En los dos días que quedamos en el pueblo, sin pensar en transitar los veinte kilómetros a la ciudad, encontramos un par de muy buenos restaurantes. Mar & Monte (Darragueira 648, te 0261 496-5164) es entre los mejores que hemos encontrado en mucho tiempo. Tiene su sede en la ciudad bajo el mando del reconocido chef chileno (con 25 años en Mendoza) Aldo Ansaldi. Su alumno Gustavo Carmona está encargado de la cocina en Chacras y se esmera preparando un imaginativo y delicioso menú. Compartimos el ‘Chivito con hongos en reducción de Malbec y arroz con queso’. Nos dimos cuenta que el chivito tenía su lugar más allá de la parrilla.

El otro lugar fue Karma (Italia 6055, te 0261 496-1731), cuyo dueño Karma Apo Tsang es un tibetano que vino a Mendoza para actuar con Brad Pitt en una película supuestamente puesta en Asia y decidió quedarse. Probamos las especialidades: ‘Asian Soup’ y un ‘Eye Rib Aludum’ con pan ‘Paratha’ y una botella de Portillo Sauvignon Blanc. Diferente y por momentos sorprendente. Apo Tsang ha logrado integrar los productos locales con los orientales que consigue para producir una válida ‘fusión’ este/oeste que uno no espera encontrar en las afueras de un pueblo mendocino, pero hoy en día las sorpresas culinarias exóticas son muchas y encontrables en casi cualquier parte.

Después del desayuno del último día partimos, con el auto repleto, hacia la frontera. Subimos al borde del Río Mendoza hacia Uspallata, gozando de un perfecto día soleado y una vista de fantasía. Almorzamos por supuesto en La Estancia de Elías, esta vez, un cabrito asado a los brasas con vino de la casa y una abundante ensalada, y seguimos hacia la frontera. No tuvimos ningún incidente con las autoridades. Una joven inspectora nos revisó el auto con celeridad y cuidado, pero no topó con ninguna máscara africana u objeto oceánico. Nos salvamos de la debacle del anterior viaje cuando nos quitaron varios morteros de madera, antiguos y sospechosos, por violar las normas contra la introducción de plagas.

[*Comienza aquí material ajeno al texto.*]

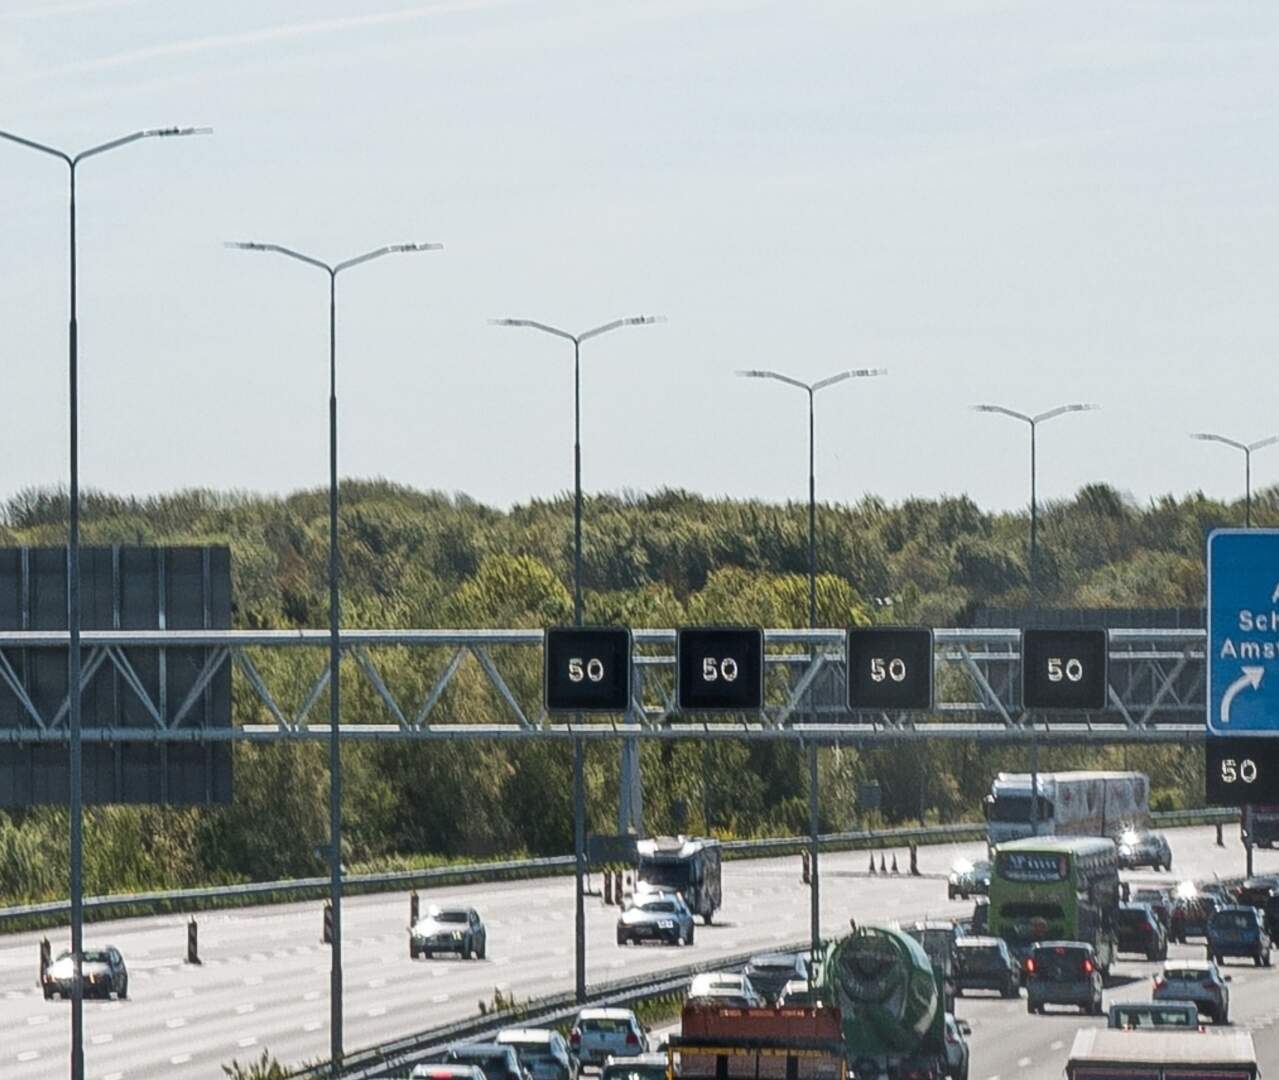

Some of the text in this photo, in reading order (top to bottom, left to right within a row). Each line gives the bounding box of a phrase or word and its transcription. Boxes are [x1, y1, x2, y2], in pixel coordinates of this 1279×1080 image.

[568, 658, 604, 682] 50
[702, 657, 738, 682] 50
[870, 657, 907, 682] 50
[1047, 657, 1083, 682] 50
[1221, 758, 1257, 784] 50
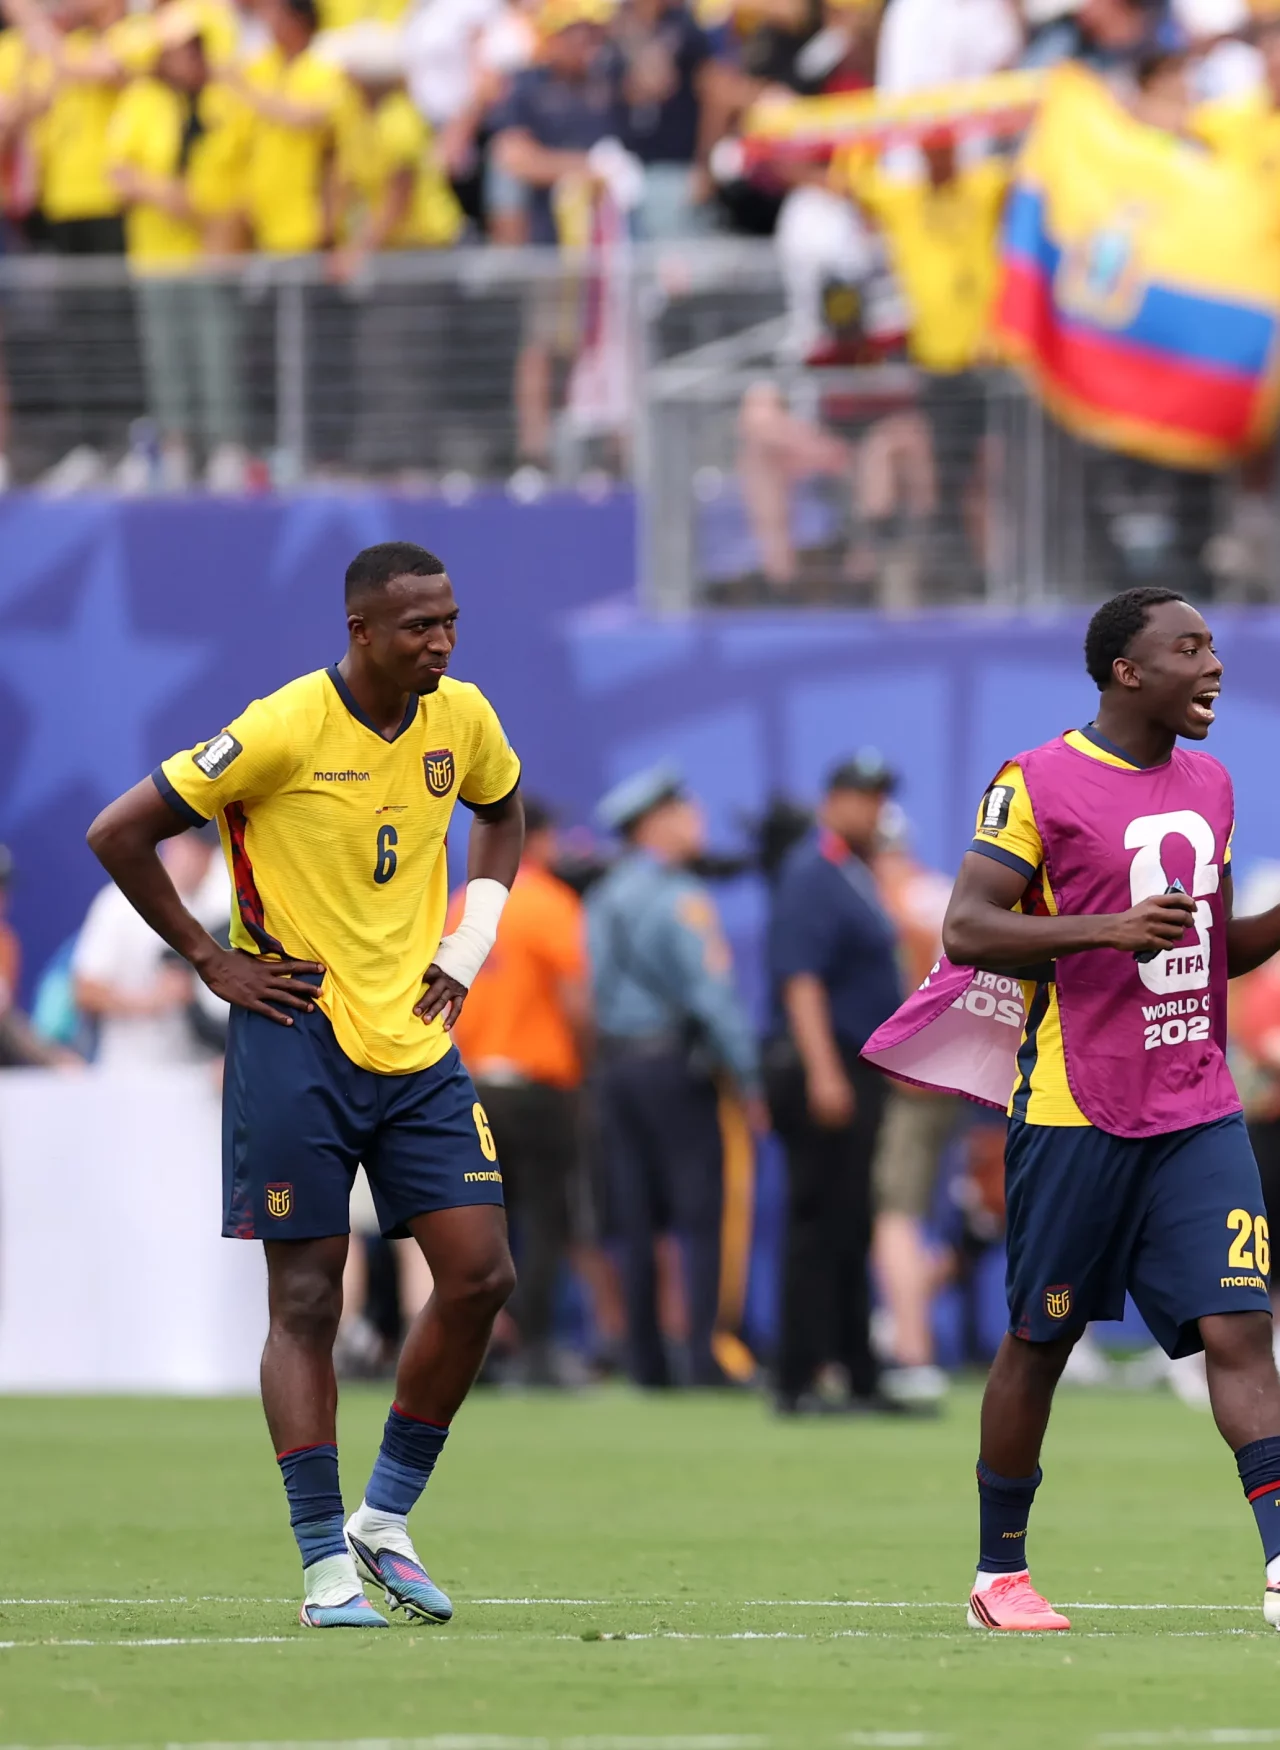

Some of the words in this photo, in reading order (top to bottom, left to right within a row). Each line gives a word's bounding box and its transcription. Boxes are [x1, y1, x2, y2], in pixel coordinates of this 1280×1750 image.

[313, 770, 370, 782] marathon
[373, 824, 398, 884] 6
[1165, 954, 1204, 977] FIFA
[1141, 998, 1199, 1021] WORLD
[472, 1102, 497, 1162] 6
[1226, 1208, 1270, 1276] 26

Felices, bajamos de la cordillera y tomamos la ruta a Santiago. Llegamos al departamento, sanos y salvos, con el cargamento de hallazgos en perfecto estado. El periplo resultó ser una peregrinación a satisfacer todos los sentidos e inquietudes: lugares, gente, hospedajes, comidas, estímulos culturales y sociales, en fin, una inmersión en la vida misma, compartido con familia, amigos, algunos nuevos, algunos viejos, algunos prestados, algunos apropiados.